Without omission or alteration, write out all of the data.

- RECORDS FOR THIS EXERCISE
-------
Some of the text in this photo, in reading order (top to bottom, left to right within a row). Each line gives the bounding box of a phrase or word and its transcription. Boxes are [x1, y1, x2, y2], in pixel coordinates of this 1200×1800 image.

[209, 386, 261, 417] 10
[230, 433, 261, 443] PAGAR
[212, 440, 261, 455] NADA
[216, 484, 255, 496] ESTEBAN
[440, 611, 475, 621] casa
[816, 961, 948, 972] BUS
-------
- FINISHED TASK
Some of the text in this photo, in reading order (top to bottom, left to right within a row). Each line gives the bounding box of a phrase or word and its transcription. Boxes are [x1, y1, x2, y2], in pixel coordinates of this 1200×1800 image.

[209, 386, 261, 417] 10
[230, 433, 261, 443] PAGAR
[212, 440, 261, 455] NADA
[216, 484, 255, 496] ESTEBAN
[440, 611, 475, 621] casa
[816, 961, 948, 972] BUS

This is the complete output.